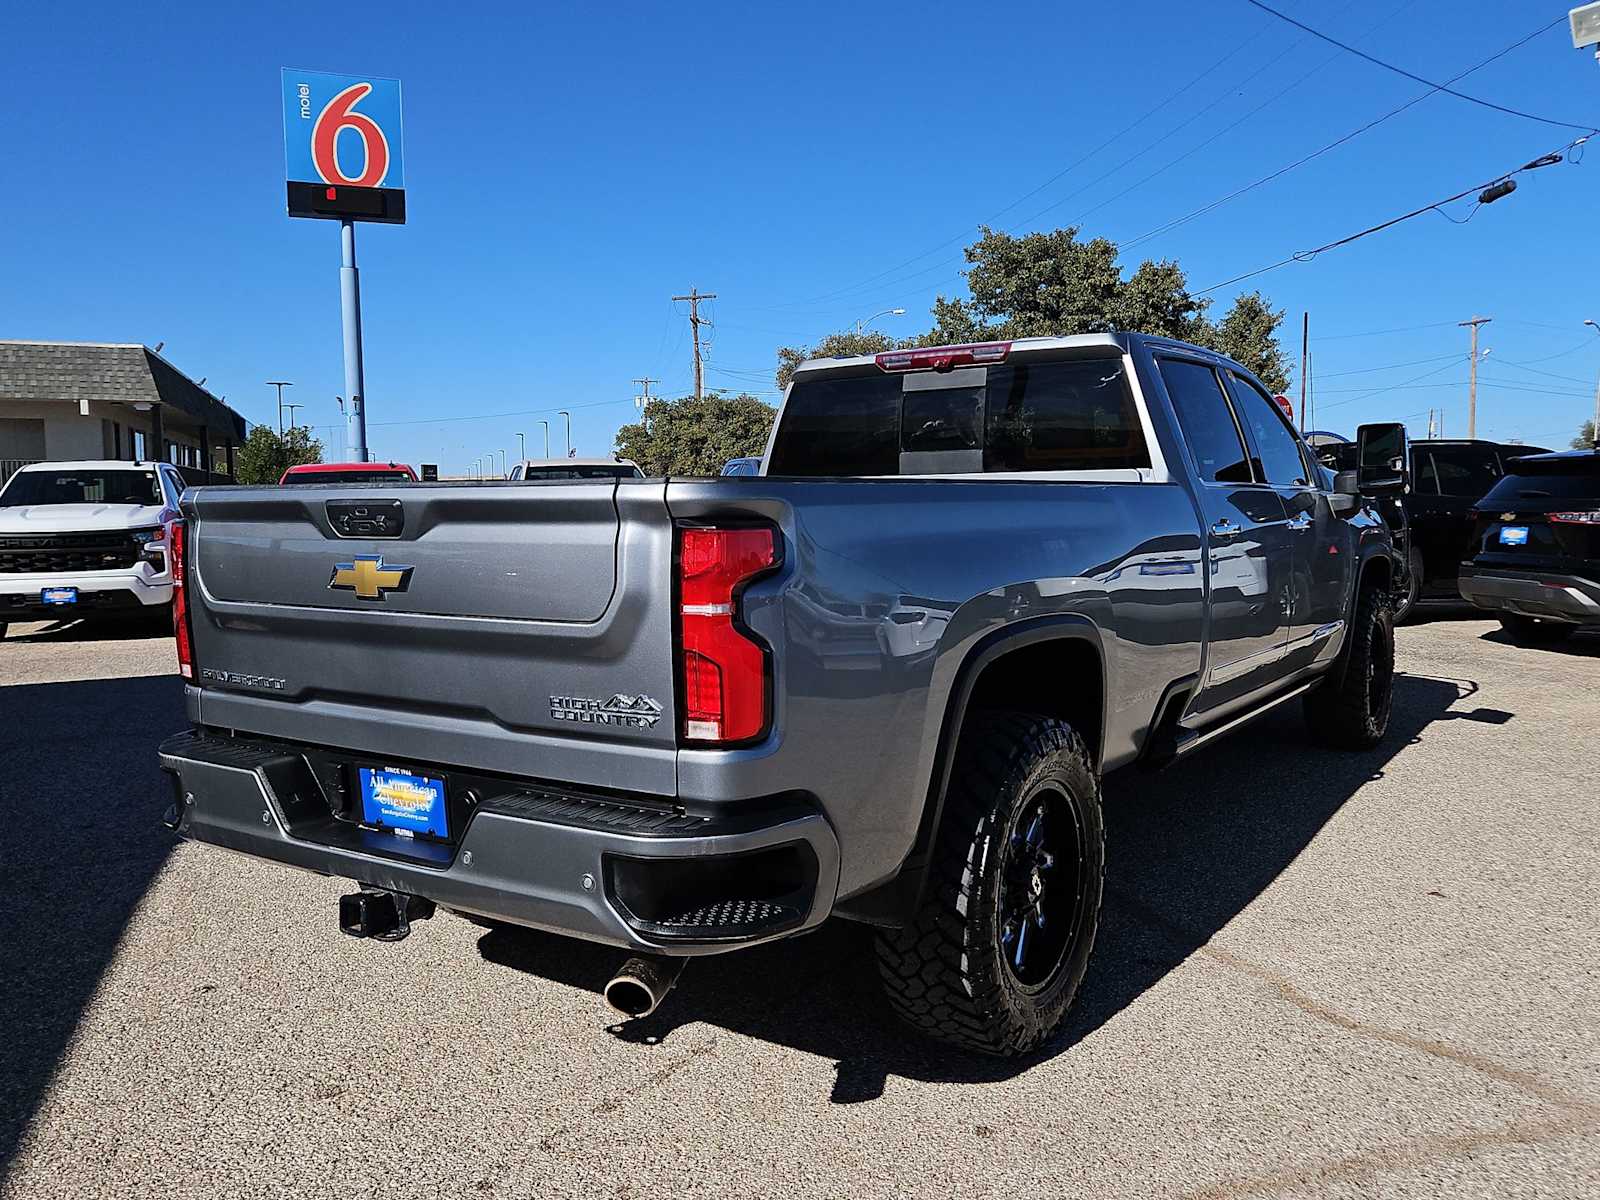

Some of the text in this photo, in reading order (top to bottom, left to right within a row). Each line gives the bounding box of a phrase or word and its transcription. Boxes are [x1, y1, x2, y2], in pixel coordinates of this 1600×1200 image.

[296, 83, 311, 120] motel
[311, 81, 390, 188] 6
[201, 668, 286, 689] SILVERADO
[549, 695, 602, 711] HIGH
[550, 708, 661, 729] COUNTRY
[384, 766, 401, 775] SINCE
[369, 775, 438, 798] All American
[376, 791, 433, 813] Chevrolet
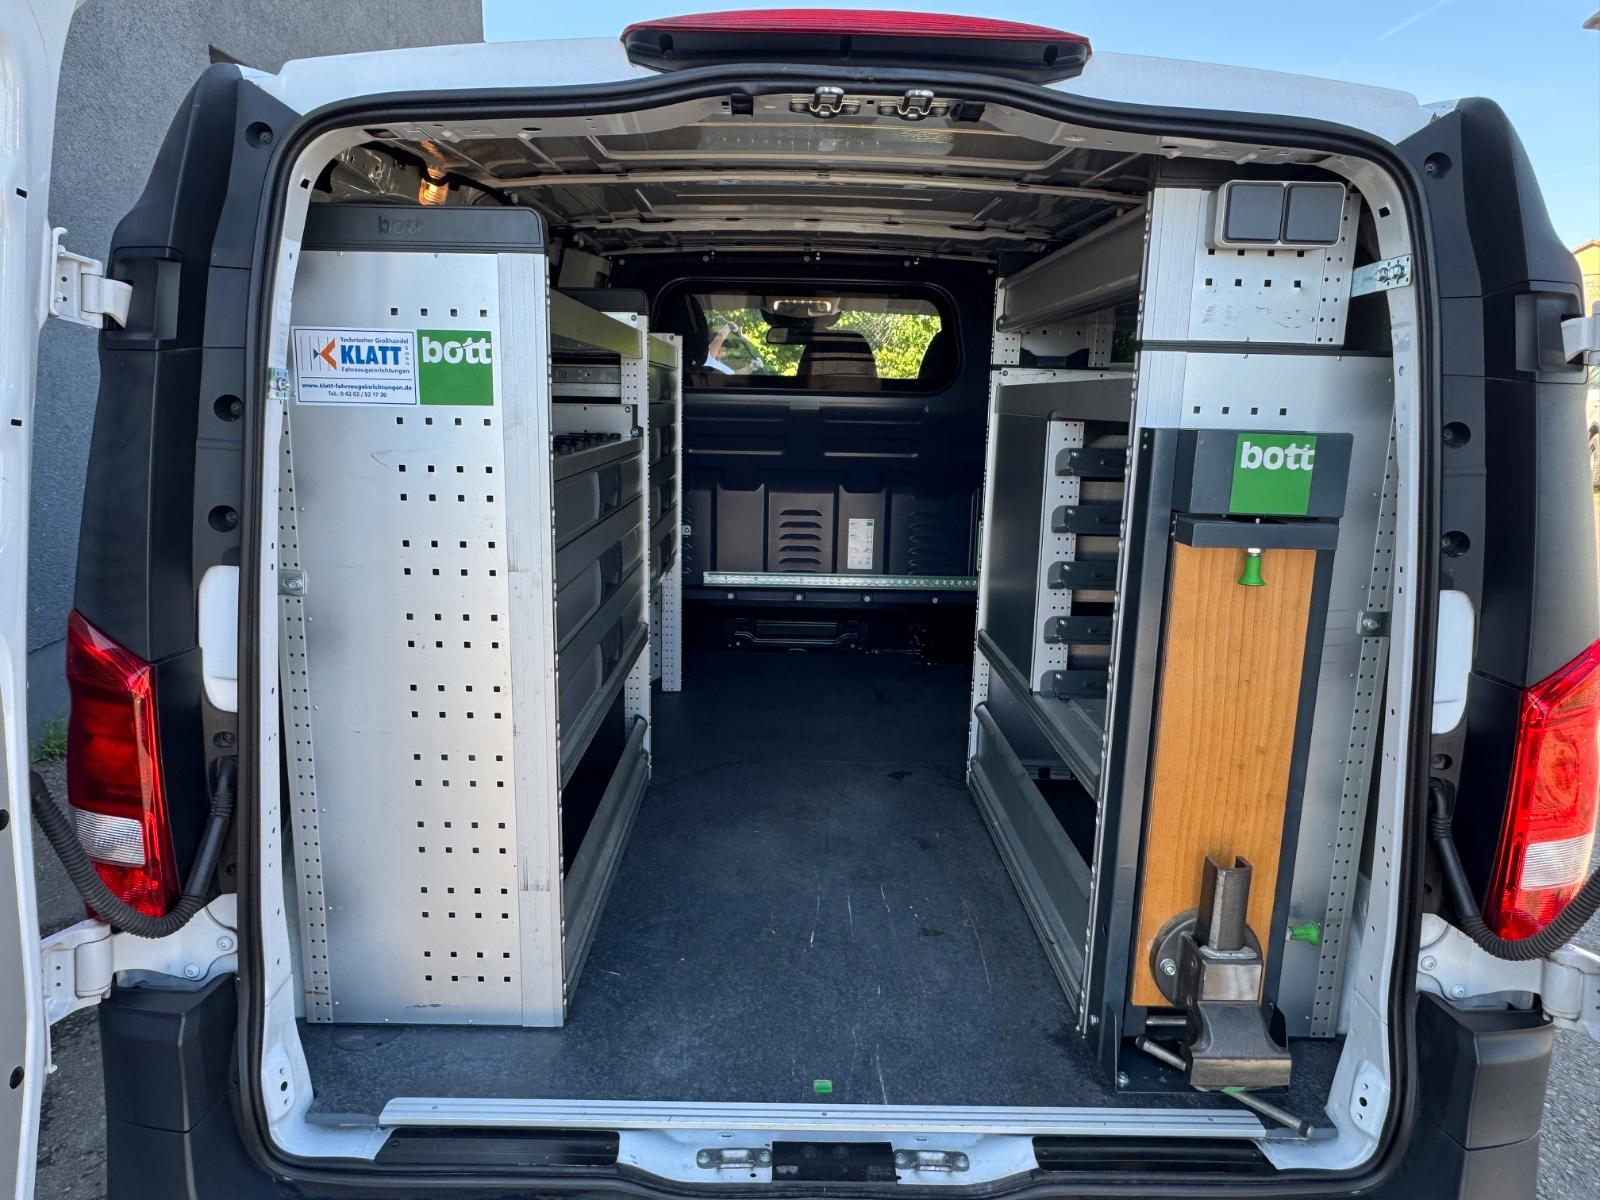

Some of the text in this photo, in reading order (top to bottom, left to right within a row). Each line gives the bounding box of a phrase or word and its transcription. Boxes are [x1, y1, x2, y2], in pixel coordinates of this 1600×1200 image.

[340, 345, 402, 365] KLATT
[421, 336, 492, 364] bott
[341, 367, 410, 375] Fahrzeugeinrichtungen
[301, 383, 412, 391] www.klatt-fahrzeugeinrichtungen.de
[1240, 441, 1315, 470] bott
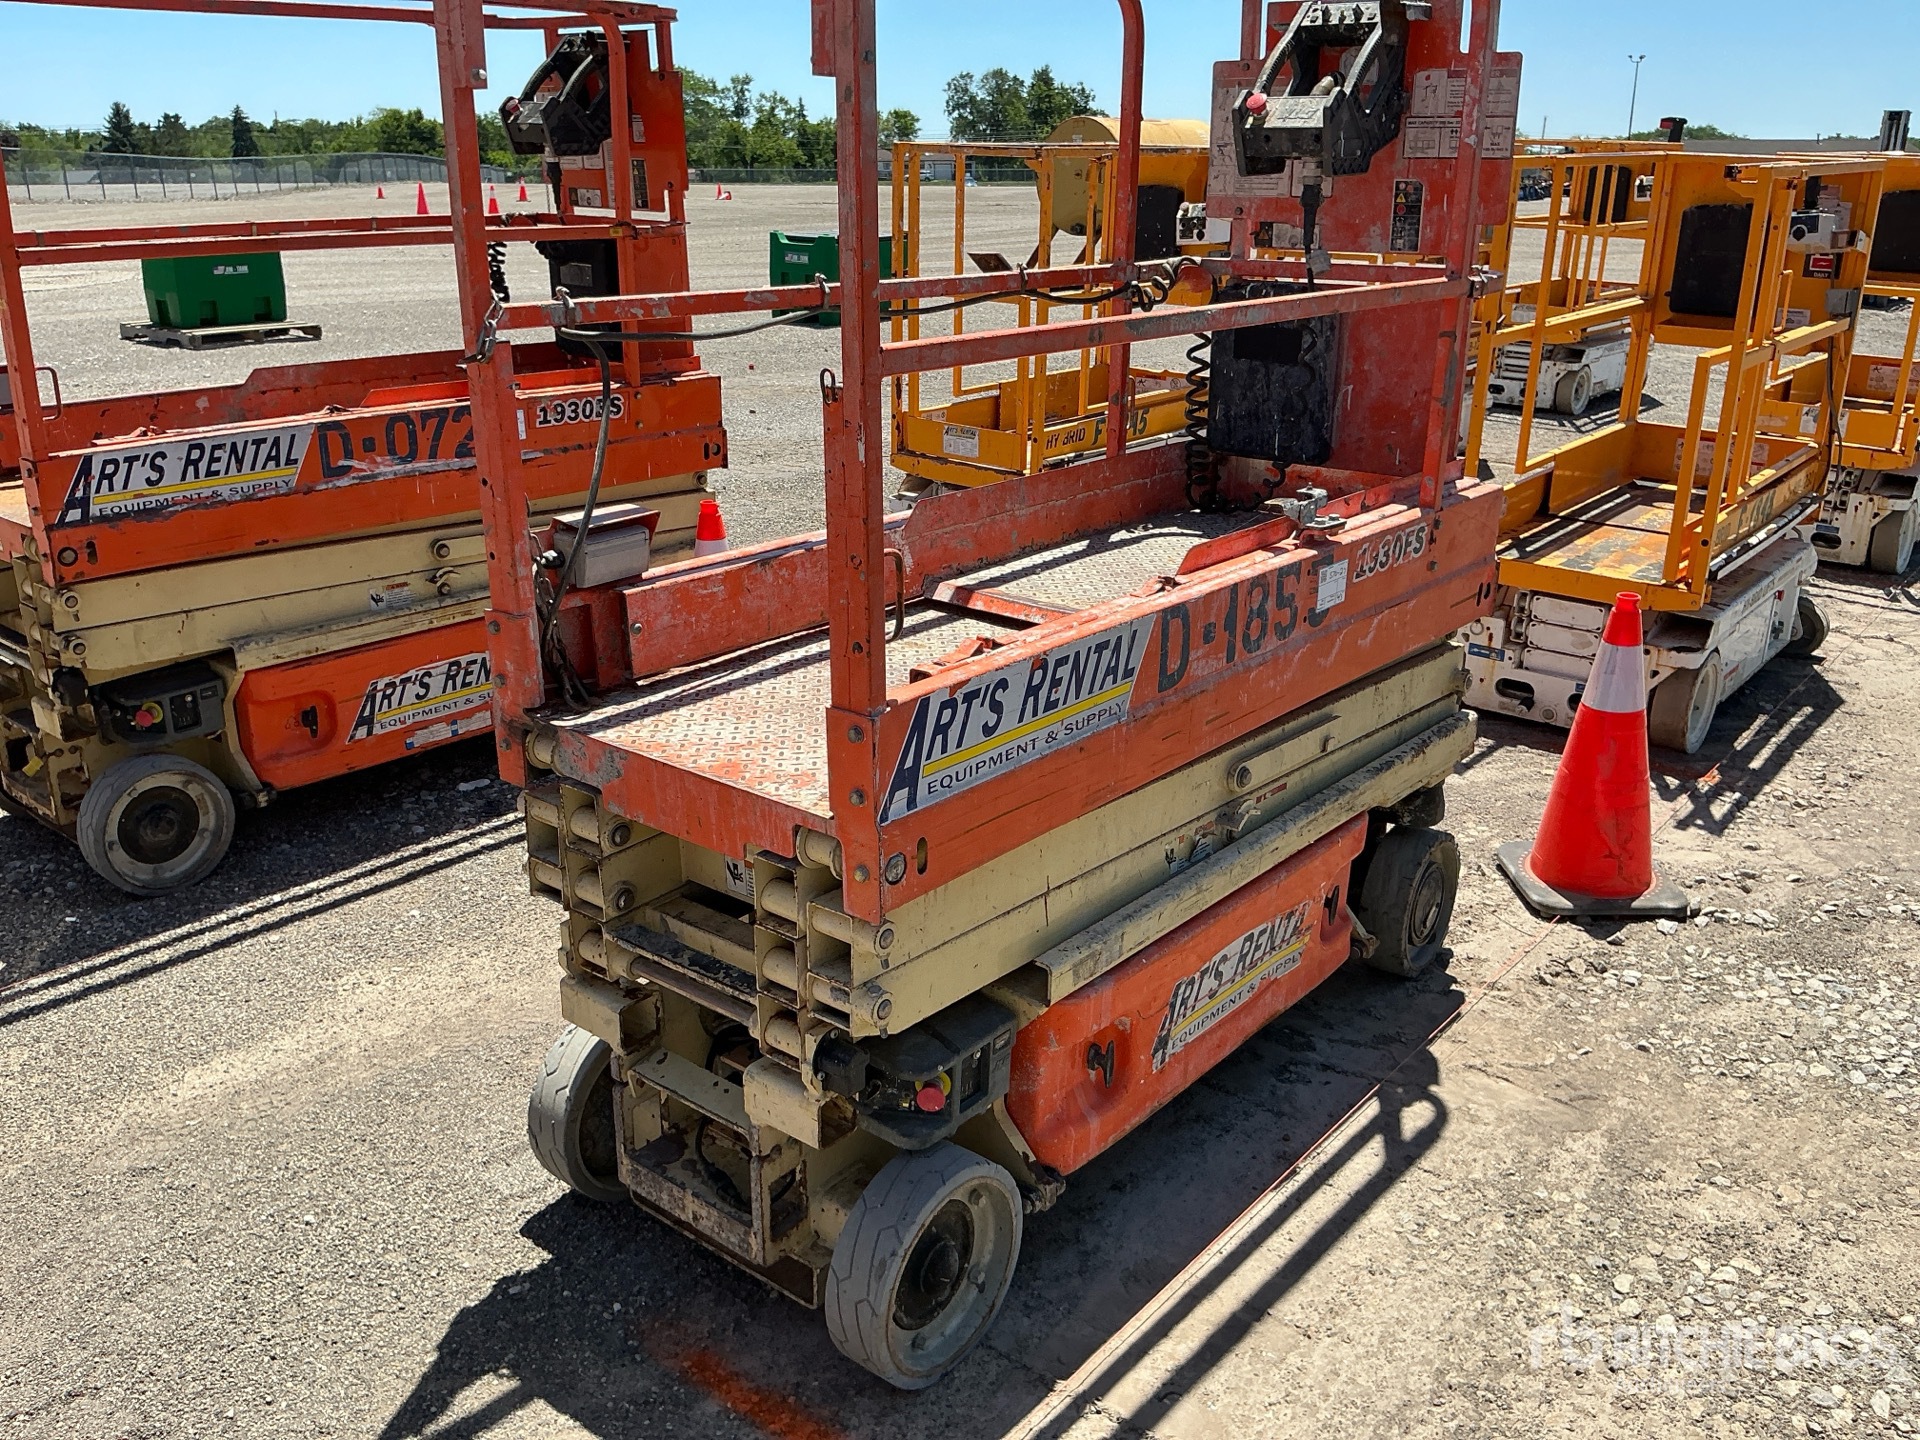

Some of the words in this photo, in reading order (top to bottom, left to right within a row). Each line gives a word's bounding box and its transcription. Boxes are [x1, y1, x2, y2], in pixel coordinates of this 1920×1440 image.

[54, 451, 168, 527] ART'S
[180, 432, 300, 482] RENTAL
[209, 486, 223, 498] &
[228, 478, 293, 497] SUPPLY
[347, 670, 433, 743] ART'S
[442, 656, 492, 694] REN
[380, 701, 460, 730] EQUIPMENT
[463, 697, 475, 706] &
[878, 677, 1010, 825] ART'S
[1017, 629, 1139, 725] RENTAL
[927, 736, 1040, 796] EQUIPMENT
[1044, 729, 1058, 745] &
[1064, 700, 1126, 737] SUPPLY
[1171, 991, 1247, 1050] EQUIPMENT
[1247, 982, 1257, 994] &
━━━━━━━━━━━━━━━━
- _TASK DIRECTIONS_: Set the pictures aside and transcribe the data above exactly.

- _EXERCISE RESULT_:
Some of the text in this photo, in reading order (top to bottom, left to right within a row). Each line gives the bounding box of a phrase or word and its transcription. Boxes are [x1, y1, x2, y2], in pixel coordinates of this 1600×1200 image.

[296, 83, 311, 120] motel
[311, 81, 390, 188] 6
[201, 668, 286, 689] SILVERADO
[549, 695, 602, 711] HIGH
[550, 708, 661, 729] COUNTRY
[384, 766, 401, 775] SINCE
[369, 775, 438, 798] All American
[376, 791, 433, 813] Chevrolet

Some of the text in this photo, in reading order (top to bottom, left to right within a row). Each line gives the bounding box of a phrase or word and its transcription. Boxes are [x1, y1, x2, y2], in pixel coordinates of this 1600×1200 image.

[340, 345, 402, 365] KLATT
[421, 336, 492, 364] bott
[341, 367, 410, 375] Fahrzeugeinrichtungen
[301, 383, 412, 391] www.klatt-fahrzeugeinrichtungen.de
[1240, 441, 1315, 470] bott

Some of the words in this photo, in reading order (top to bottom, left to right within a row). Each line gives a word's bounding box and its transcription. Boxes are [x1, y1, x2, y2], in pixel coordinates of this 1920×1440 image.

[54, 451, 168, 527] ART'S
[180, 432, 300, 482] RENTAL
[209, 486, 223, 498] &
[228, 478, 293, 497] SUPPLY
[347, 670, 433, 743] ART'S
[442, 656, 492, 694] REN
[380, 701, 460, 730] EQUIPMENT
[463, 697, 475, 706] &
[878, 677, 1010, 825] ART'S
[1017, 629, 1139, 725] RENTAL
[927, 736, 1040, 796] EQUIPMENT
[1044, 729, 1058, 745] &
[1064, 700, 1126, 737] SUPPLY
[1171, 991, 1247, 1050] EQUIPMENT
[1247, 982, 1257, 994] &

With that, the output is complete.